Superada la primera fase de gran mortalidad, en medio de la estupefacción general por las mentiras (como la de la inexistente comisión científica), la censura de imágenes, la incesante propaganda, y los continuados desaciertos, Sánchez se atrevió a proclamar una inverosímil victoria (”Hemos vencido al virus”), al tiempo que ideaba un plan para quitarse de en medio tras prolongar el estado de alarma durante largos meses. Como nunca le faltan palabras, decidió que entrábamos en la cogobernanza, forma taimada de ocultar la ausencia de cualquier plan y disimular el desconcierto reinante.

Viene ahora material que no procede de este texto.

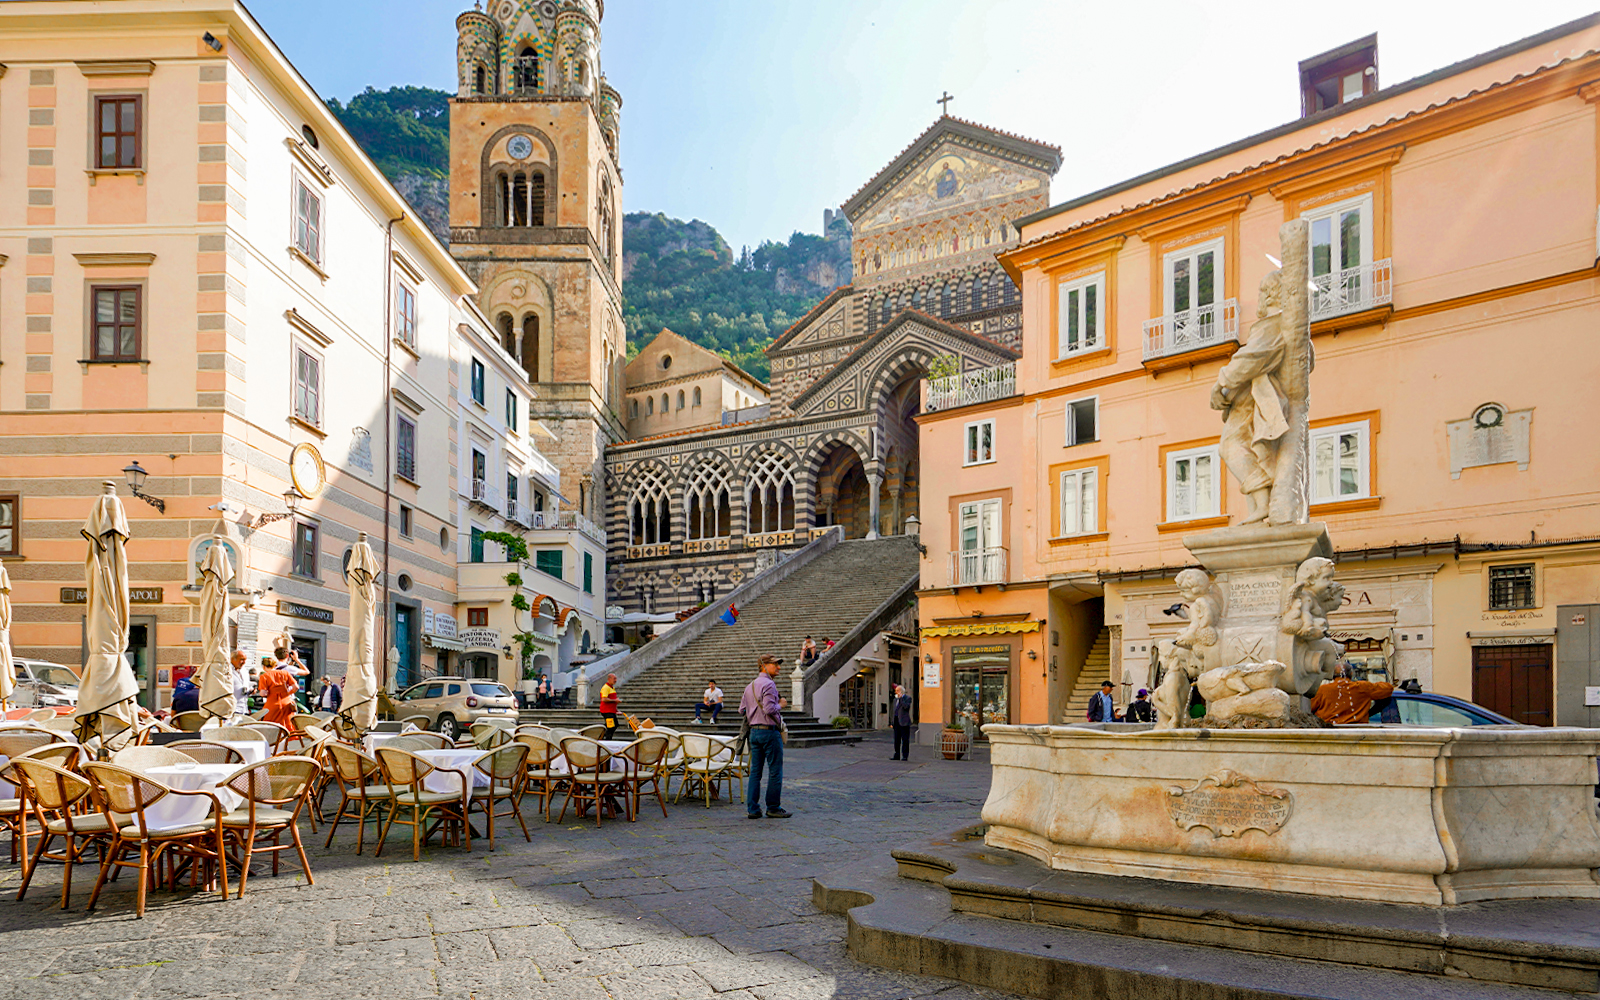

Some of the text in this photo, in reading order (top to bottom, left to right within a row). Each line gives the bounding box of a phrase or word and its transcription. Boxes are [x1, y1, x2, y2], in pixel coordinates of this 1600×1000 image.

[129, 590, 158, 600] APOLI
[289, 604, 309, 616] BANCO
[314, 610, 333, 620] NAPOLI
[459, 631, 499, 639] RISTORANTE

Sin entrar en cuestiones constitucionales, el hecho es que el Gobierno ha sido incapaz de enviar al Parlamento el instrumento legal conveniente para la larga batalla contra el Covid19, y ha dejado en manos de las regiones el control, reservándose la capacidad de propinar capones a quienes, a su olímpico parecer, no se portasen bien, es decir a Madrid. Como la propaganda es el único nervio de su Gobierno, Sánchez anunció un extraordinario plan de vacunación tratando de ocultar que, por enormes que fuesen sus méritos, que no es el caso, este maná de las vacunas vendría, cuando se pudiese, de Europa, y sería aplicado por la sanidad pública gestionada por las CCAA, sin que Sánchez tenga que poner sus milagrosas manos en nada.

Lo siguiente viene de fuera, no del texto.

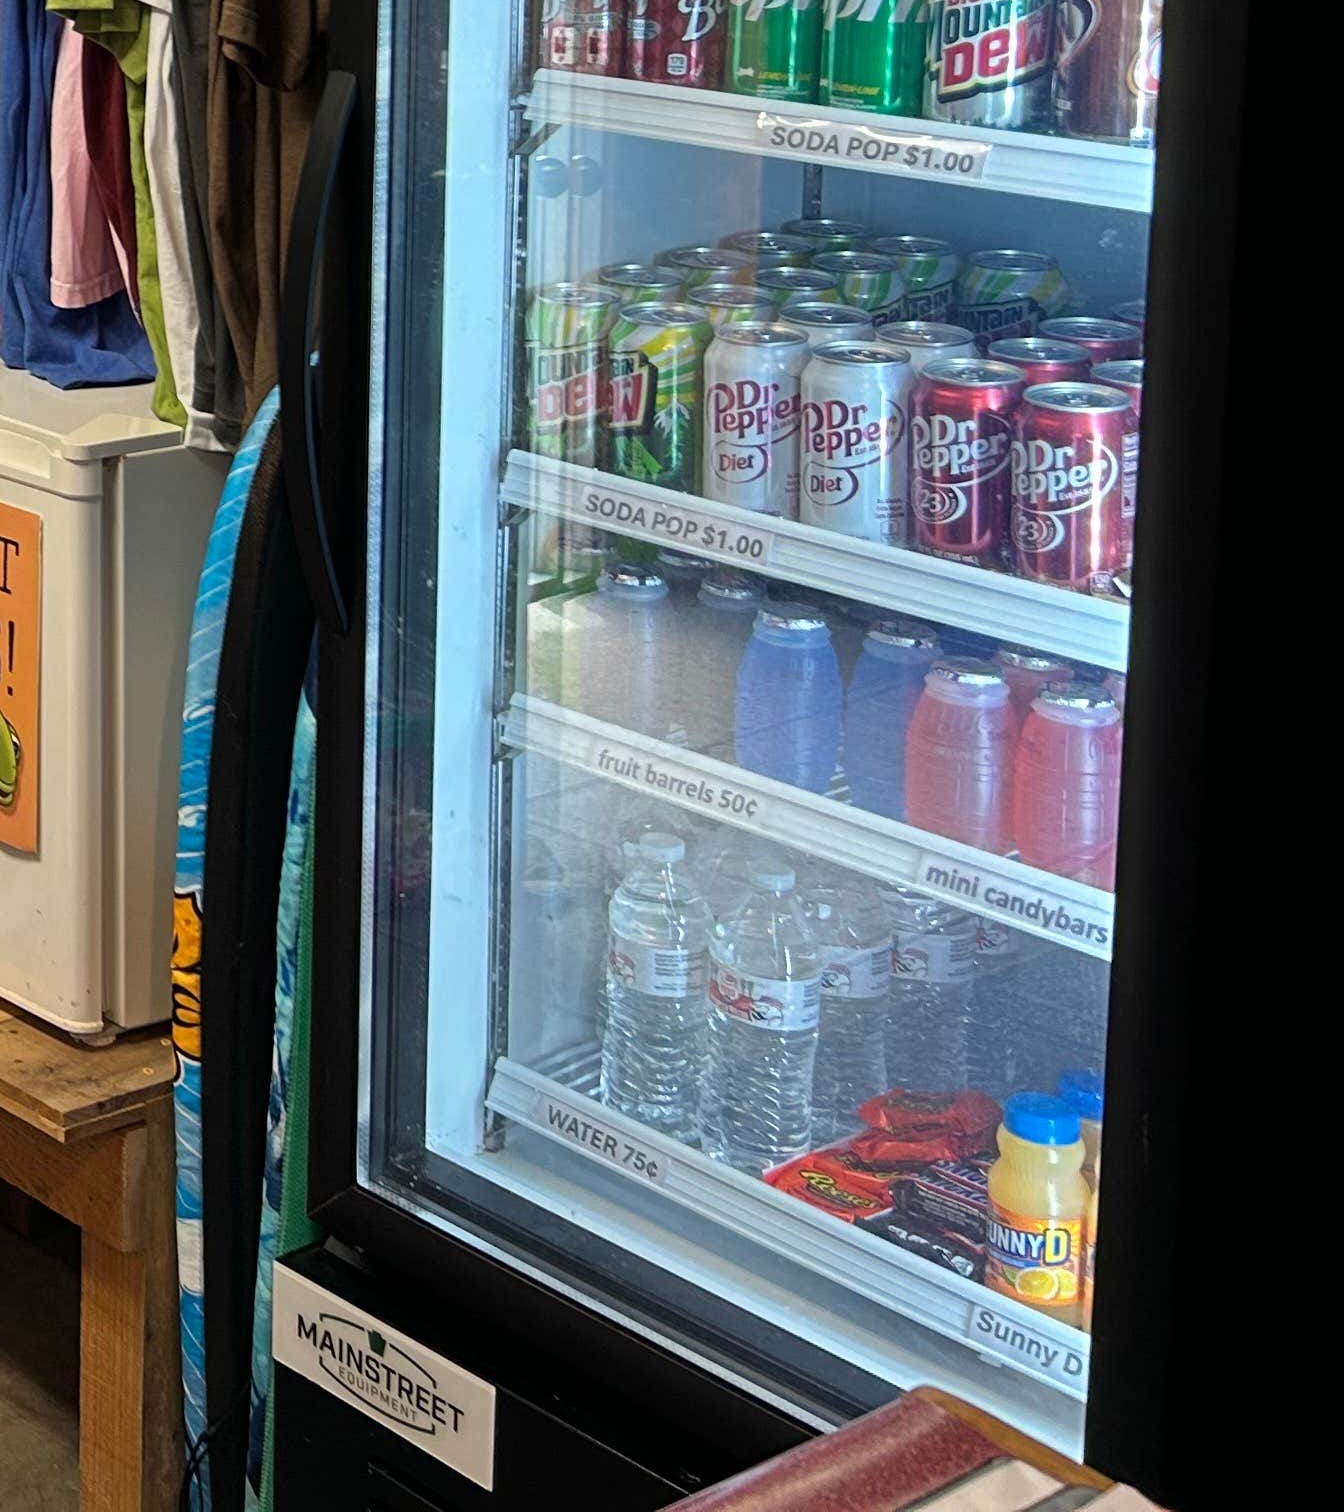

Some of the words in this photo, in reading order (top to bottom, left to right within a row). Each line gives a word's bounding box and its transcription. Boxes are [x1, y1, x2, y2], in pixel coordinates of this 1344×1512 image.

[770, 126, 840, 154] SODA
[847, 135, 900, 160] POP
[904, 142, 975, 175] $1.00
[714, 384, 801, 434] Pepper
[735, 381, 780, 406] Dr
[826, 400, 868, 426] Dr
[804, 402, 891, 458] Pepper
[930, 415, 976, 443] Dr
[1027, 440, 1073, 470] Dr
[718, 453, 754, 472] Diet
[808, 476, 843, 494] Diet
[585, 492, 648, 529] SODA
[653, 510, 698, 541] POP
[703, 524, 764, 559] $1.00
[598, 747, 640, 780] fruit
[644, 761, 715, 806] barrels
[718, 786, 759, 818] 50¢
[926, 862, 980, 894] mini
[984, 881, 1109, 947] candybars
[548, 1104, 618, 1156] WATER
[622, 1145, 660, 1182] 75¢
[976, 1310, 1058, 1366] Sunny
[1062, 1351, 1085, 1379] D
[296, 1313, 465, 1433] MAINSTREET
[337, 1365, 419, 1424] EQUIPMENT

Para no aburrir, cuando se ha visto, tras más de quince meses de sufrimiento económico y de angustia personal, que el panorama podría empezar a despejarse, el Gobierno de Sánchez trata de hacerse presente en el escenario patrocinando medidas de gran trascendencia y profundo calado científico, como decidir que el cierre nocturno de los locales de diversión y similares, sea a las dos y no a las tres, tal vez hayan averiguado que los virus experimentan a esas horas de la madrugada un especial ritmo de actividad.

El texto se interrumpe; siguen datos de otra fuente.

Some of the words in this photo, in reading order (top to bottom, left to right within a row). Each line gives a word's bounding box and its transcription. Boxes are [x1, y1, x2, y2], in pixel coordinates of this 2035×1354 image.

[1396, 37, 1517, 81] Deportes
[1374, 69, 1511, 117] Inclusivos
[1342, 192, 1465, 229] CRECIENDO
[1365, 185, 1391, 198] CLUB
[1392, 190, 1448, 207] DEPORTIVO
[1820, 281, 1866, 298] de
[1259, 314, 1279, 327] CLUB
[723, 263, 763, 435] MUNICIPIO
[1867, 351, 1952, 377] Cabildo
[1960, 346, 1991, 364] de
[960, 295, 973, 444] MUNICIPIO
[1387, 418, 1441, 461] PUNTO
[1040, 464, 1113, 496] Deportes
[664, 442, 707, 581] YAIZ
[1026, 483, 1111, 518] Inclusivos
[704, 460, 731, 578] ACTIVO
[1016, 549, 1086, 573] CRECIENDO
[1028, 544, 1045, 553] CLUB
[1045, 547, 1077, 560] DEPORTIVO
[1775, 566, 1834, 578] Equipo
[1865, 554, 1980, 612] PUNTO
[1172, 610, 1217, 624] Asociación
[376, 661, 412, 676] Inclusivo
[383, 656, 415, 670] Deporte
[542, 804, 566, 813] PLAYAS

Con esta política, Sánchez ha perdido numerosos apoyos, porque no hay nadie que pueda encontrar el más ligero argumento capaz de defenderla. Como es natural, sus partidarios siguen existiendo, no pueden alardear de ningún éxito en este difícil asunto, pero necesitan que Sánchez siga en Moncloa y se apresurarán a conseguir que una capa espesa de olvido caiga sobre esta historia tan desdichada. Sánchez sigue a lo suyo, asegurando que no tiene un minuto para otra cosa que las vacunas, lo que puede significar que se prepara un gran evento para cuando le toque pasar por la fila, porque es muy difícil imaginar cualquier otra intervención en un asunto tan pautado a su margen.
Parece que Canalejas dijo en alguna ocasión que la agilidad es una gran virtud para subir a los árboles, pero no para gobernar, y Sánchez es, sin duda, un político ágil, verboso, atrevido, dice que resistente, pero le va a costar mucho borrar de la memoria del público una ejecutoria tan escasamente ejemplar. Tiene merecida fama de mentiroso, de manera que su propaganda para embellecer el recuerdo de este largo año de infortunios, no va a ser suficiente, y eso es lo que se ha notado en las elecciones del pasado mayo, en que se vio a un Sánchez dispuesto a arrasar pero que hubo de esconderse raudo en cuanto le advirtieron que pintaban bastos.
Puede intentar arreglar el desaguisado con algún éxito resonante en materias lejanas a la salud, aunque, de momento, no parece que lo vaya a conseguir ni con su habilidosa gestión del cabreo marroquí, ni con su generosa actitud ante los indultos, con su empeño en convencer a los españoles de que él tiene la clave para volver al redil a los descarriados independentistas, aunque sea a costa de convertir a los jueces en reos y a los supremacistas catalanes en mártires de la libertad, porque muchos de sus antiguos partidarios no le volverán a comprar un coche de segunda mano.